WHAT THIS TASK INVOLVES –
Reproduce the data exactly, leaving nothing out.
*** SUPPLIED INFORMATION Section Begins ***
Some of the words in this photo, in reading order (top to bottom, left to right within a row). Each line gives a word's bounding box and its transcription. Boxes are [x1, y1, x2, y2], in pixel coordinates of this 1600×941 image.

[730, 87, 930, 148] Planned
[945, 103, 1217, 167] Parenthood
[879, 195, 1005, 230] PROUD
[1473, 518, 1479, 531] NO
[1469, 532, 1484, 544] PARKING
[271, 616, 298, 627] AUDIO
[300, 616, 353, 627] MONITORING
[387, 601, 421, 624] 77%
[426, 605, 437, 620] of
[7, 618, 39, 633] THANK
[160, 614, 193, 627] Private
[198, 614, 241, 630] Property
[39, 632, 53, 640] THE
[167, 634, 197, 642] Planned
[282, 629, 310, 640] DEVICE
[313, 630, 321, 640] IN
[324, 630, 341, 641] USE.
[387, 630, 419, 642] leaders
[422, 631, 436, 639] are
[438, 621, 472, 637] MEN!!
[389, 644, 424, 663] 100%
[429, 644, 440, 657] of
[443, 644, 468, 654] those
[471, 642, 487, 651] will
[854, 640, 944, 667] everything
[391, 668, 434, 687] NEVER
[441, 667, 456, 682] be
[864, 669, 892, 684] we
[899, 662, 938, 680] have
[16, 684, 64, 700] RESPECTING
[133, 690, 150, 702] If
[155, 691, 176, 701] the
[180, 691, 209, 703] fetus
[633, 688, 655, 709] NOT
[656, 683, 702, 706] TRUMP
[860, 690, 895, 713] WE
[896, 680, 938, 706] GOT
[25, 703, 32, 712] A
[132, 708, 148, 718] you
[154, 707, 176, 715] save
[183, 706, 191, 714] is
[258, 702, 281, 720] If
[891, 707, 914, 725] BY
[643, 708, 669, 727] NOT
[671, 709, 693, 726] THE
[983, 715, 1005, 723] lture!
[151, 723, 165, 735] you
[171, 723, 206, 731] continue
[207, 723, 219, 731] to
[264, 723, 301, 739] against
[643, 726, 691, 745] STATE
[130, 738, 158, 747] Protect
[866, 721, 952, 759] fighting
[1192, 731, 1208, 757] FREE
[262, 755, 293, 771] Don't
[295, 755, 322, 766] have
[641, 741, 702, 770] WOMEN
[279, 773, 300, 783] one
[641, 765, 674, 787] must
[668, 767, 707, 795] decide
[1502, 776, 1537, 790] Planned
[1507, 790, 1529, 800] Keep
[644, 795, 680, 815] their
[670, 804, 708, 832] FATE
*** SUPPLIED INFORMATION Section Ends ***
EXPECTED ANSWER –
Some of the words in this photo, in reading order (top to bottom, left to right within a row). Each line gives a word's bounding box and its transcription. Boxes are [x1, y1, x2, y2], in pixel coordinates of this 1600×941 image.

[730, 87, 930, 148] Planned
[945, 103, 1217, 167] Parenthood
[879, 195, 1005, 230] PROUD
[1473, 518, 1479, 531] NO
[1469, 532, 1484, 544] PARKING
[271, 616, 298, 627] AUDIO
[300, 616, 353, 627] MONITORING
[387, 601, 421, 624] 77%
[426, 605, 437, 620] of
[7, 618, 39, 633] THANK
[160, 614, 193, 627] Private
[198, 614, 241, 630] Property
[39, 632, 53, 640] THE
[167, 634, 197, 642] Planned
[282, 629, 310, 640] DEVICE
[313, 630, 321, 640] IN
[324, 630, 341, 641] USE.
[387, 630, 419, 642] leaders
[422, 631, 436, 639] are
[438, 621, 472, 637] MEN!!
[389, 644, 424, 663] 100%
[429, 644, 440, 657] of
[443, 644, 468, 654] those
[471, 642, 487, 651] will
[854, 640, 944, 667] everything
[391, 668, 434, 687] NEVER
[441, 667, 456, 682] be
[864, 669, 892, 684] we
[899, 662, 938, 680] have
[16, 684, 64, 700] RESPECTING
[133, 690, 150, 702] If
[155, 691, 176, 701] the
[180, 691, 209, 703] fetus
[633, 688, 655, 709] NOT
[656, 683, 702, 706] TRUMP
[860, 690, 895, 713] WE
[896, 680, 938, 706] GOT
[25, 703, 32, 712] A
[132, 708, 148, 718] you
[154, 707, 176, 715] save
[183, 706, 191, 714] is
[258, 702, 281, 720] If
[891, 707, 914, 725] BY
[643, 708, 669, 727] NOT
[671, 709, 693, 726] THE
[983, 715, 1005, 723] lture!
[151, 723, 165, 735] you
[171, 723, 206, 731] continue
[207, 723, 219, 731] to
[264, 723, 301, 739] against
[643, 726, 691, 745] STATE
[130, 738, 158, 747] Protect
[866, 721, 952, 759] fighting
[1192, 731, 1208, 757] FREE
[262, 755, 293, 771] Don't
[295, 755, 322, 766] have
[641, 741, 702, 770] WOMEN
[279, 773, 300, 783] one
[641, 765, 674, 787] must
[668, 767, 707, 795] decide
[1502, 776, 1537, 790] Planned
[1507, 790, 1529, 800] Keep
[644, 795, 680, 815] their
[670, 804, 708, 832] FATE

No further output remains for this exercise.